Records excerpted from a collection
****************************************
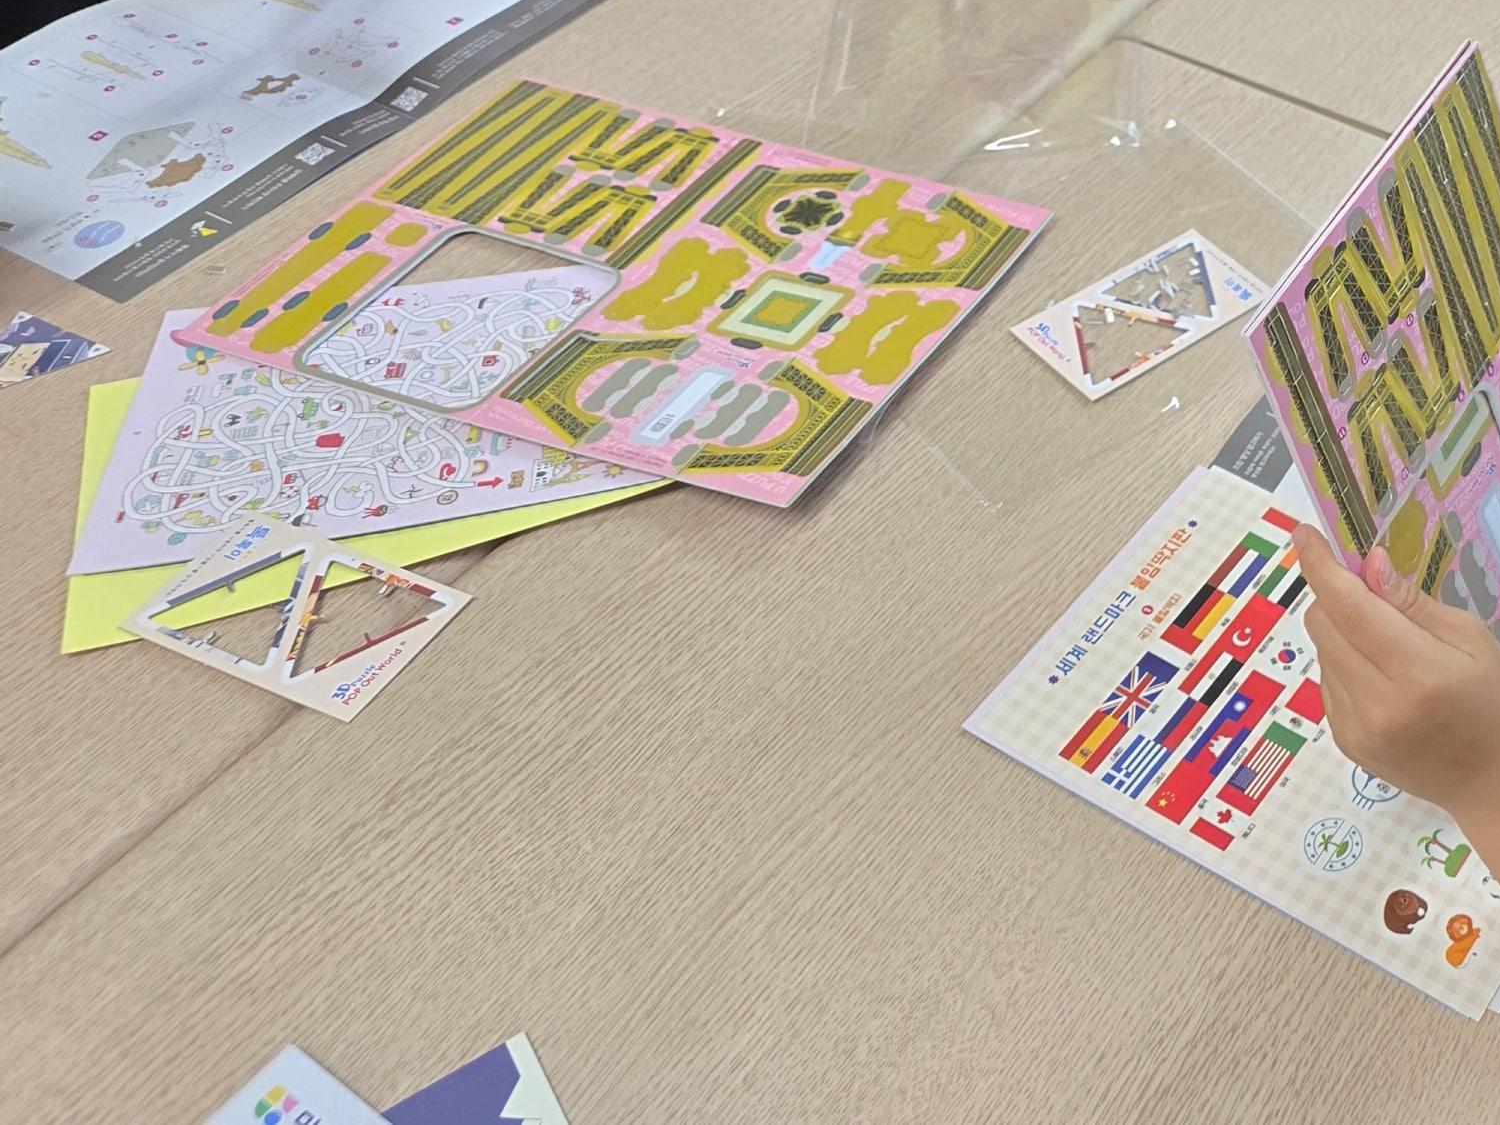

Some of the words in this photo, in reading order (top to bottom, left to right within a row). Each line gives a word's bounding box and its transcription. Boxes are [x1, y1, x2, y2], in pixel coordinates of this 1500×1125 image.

[1055, 644, 1088, 675] 세계
[1081, 590, 1136, 644] 랜드마크
[1130, 527, 1192, 591] 붙임딱지판
[331, 683, 351, 700] 3D
[342, 687, 361, 705] POP
[360, 672, 379, 687] Out
[375, 648, 402, 671] World
****************************************
▶ _TASK INSTRUCTIONS_
Output every line of the records above unchanged, and keep the pictures out.

▶ _EXERCISE ANSWER_
Some of the words in this photo, in reading order (top to bottom, left to right within a row). Each line gives a word's bounding box and its transcription. Boxes are [x1, y1, x2, y2], in pixel coordinates of this 1500×1125 image.

[1055, 644, 1088, 675] 세계
[1081, 590, 1136, 644] 랜드마크
[1130, 527, 1192, 591] 붙임딱지판
[331, 683, 351, 700] 3D
[342, 687, 361, 705] POP
[360, 672, 379, 687] Out
[375, 648, 402, 671] World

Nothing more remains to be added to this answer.